**DATASET ENTRIES:**
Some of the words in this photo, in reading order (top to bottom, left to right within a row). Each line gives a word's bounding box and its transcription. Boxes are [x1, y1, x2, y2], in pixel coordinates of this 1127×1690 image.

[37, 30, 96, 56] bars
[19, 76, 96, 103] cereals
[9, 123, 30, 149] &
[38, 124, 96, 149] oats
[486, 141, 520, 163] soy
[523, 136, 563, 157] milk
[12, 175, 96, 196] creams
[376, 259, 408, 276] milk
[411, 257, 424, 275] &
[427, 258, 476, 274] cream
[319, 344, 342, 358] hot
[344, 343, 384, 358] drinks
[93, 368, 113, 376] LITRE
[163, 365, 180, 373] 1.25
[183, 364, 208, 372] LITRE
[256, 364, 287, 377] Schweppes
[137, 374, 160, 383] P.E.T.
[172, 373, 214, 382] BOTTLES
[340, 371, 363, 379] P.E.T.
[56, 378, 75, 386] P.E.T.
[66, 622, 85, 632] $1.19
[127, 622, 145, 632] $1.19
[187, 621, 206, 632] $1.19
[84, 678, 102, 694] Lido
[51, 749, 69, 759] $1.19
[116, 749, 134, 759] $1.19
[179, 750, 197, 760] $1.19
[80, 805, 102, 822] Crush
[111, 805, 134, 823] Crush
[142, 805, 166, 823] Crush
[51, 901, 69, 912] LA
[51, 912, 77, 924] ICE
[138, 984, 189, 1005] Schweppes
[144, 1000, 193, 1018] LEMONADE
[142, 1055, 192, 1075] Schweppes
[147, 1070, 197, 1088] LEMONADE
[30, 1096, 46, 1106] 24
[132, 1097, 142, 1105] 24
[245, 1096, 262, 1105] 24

**PROBLEM:**
The full listing, top to bottom: write it out again exactly.

**ANSWER AREA:**
Some of the words in this photo, in reading order (top to bottom, left to right within a row). Each line gives a word's bounding box and its transcription. Boxes are [x1, y1, x2, y2], in pixel coordinates of this 1127×1690 image.

[37, 30, 96, 56] bars
[19, 76, 96, 103] cereals
[9, 123, 30, 149] &
[38, 124, 96, 149] oats
[486, 141, 520, 163] soy
[523, 136, 563, 157] milk
[12, 175, 96, 196] creams
[376, 259, 408, 276] milk
[411, 257, 424, 275] &
[427, 258, 476, 274] cream
[319, 344, 342, 358] hot
[344, 343, 384, 358] drinks
[93, 368, 113, 376] LITRE
[163, 365, 180, 373] 1.25
[183, 364, 208, 372] LITRE
[256, 364, 287, 377] Schweppes
[137, 374, 160, 383] P.E.T.
[172, 373, 214, 382] BOTTLES
[340, 371, 363, 379] P.E.T.
[56, 378, 75, 386] P.E.T.
[66, 622, 85, 632] $1.19
[127, 622, 145, 632] $1.19
[187, 621, 206, 632] $1.19
[84, 678, 102, 694] Lido
[51, 749, 69, 759] $1.19
[116, 749, 134, 759] $1.19
[179, 750, 197, 760] $1.19
[80, 805, 102, 822] Crush
[111, 805, 134, 823] Crush
[142, 805, 166, 823] Crush
[51, 901, 69, 912] LA
[51, 912, 77, 924] ICE
[138, 984, 189, 1005] Schweppes
[144, 1000, 193, 1018] LEMONADE
[142, 1055, 192, 1075] Schweppes
[147, 1070, 197, 1088] LEMONADE
[30, 1096, 46, 1106] 24
[132, 1097, 142, 1105] 24
[245, 1096, 262, 1105] 24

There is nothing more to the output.